## [What the exercise asks]
A verbatim restatement of the data, free of pictures, is what you should output.

(Dataset excerpts begins)

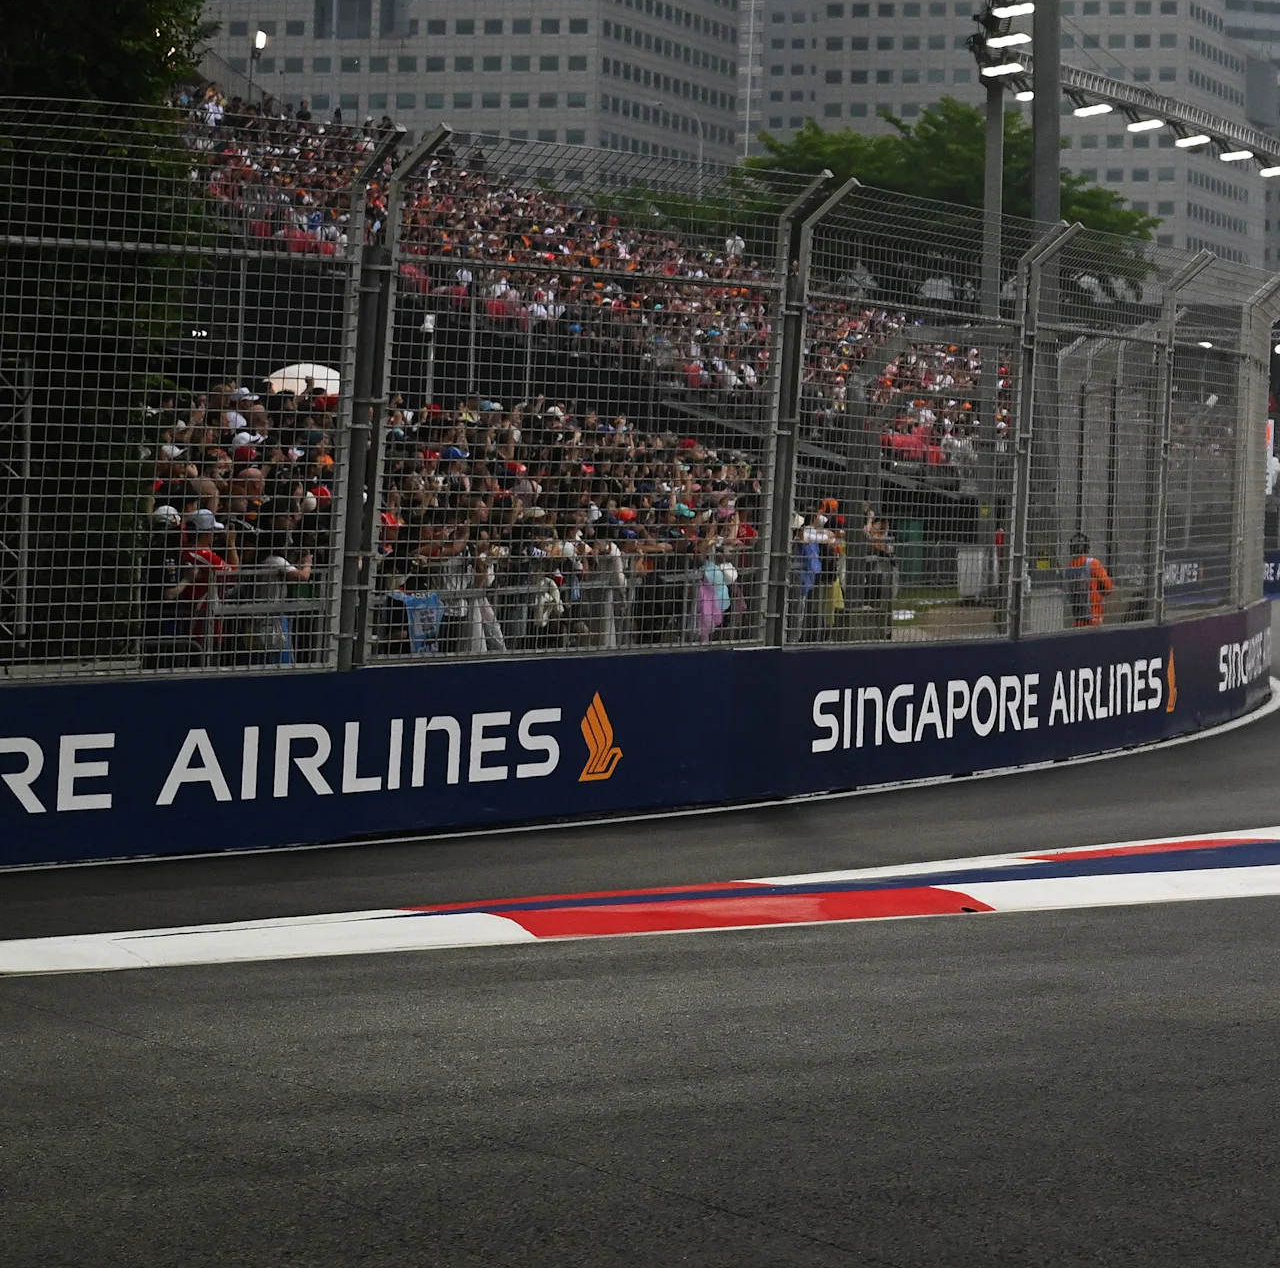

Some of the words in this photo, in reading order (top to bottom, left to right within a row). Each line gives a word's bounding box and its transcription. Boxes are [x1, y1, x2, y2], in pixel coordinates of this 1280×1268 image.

[812, 673, 1039, 753] SINGAPORE
[1048, 657, 1163, 726] AIRLINES
[0, 732, 116, 814] RE
[155, 707, 562, 806] AIRLINES

(Dataset excerpts ends)

## [Output for this task]
Some of the words in this photo, in reading order (top to bottom, left to right within a row). Each line gives a word's bounding box and its transcription. Boxes are [x1, y1, x2, y2], in pixel coordinates of this 1280×1268 image.

[812, 673, 1039, 753] SINGAPORE
[1048, 657, 1163, 726] AIRLINES
[0, 732, 116, 814] RE
[155, 707, 562, 806] AIRLINES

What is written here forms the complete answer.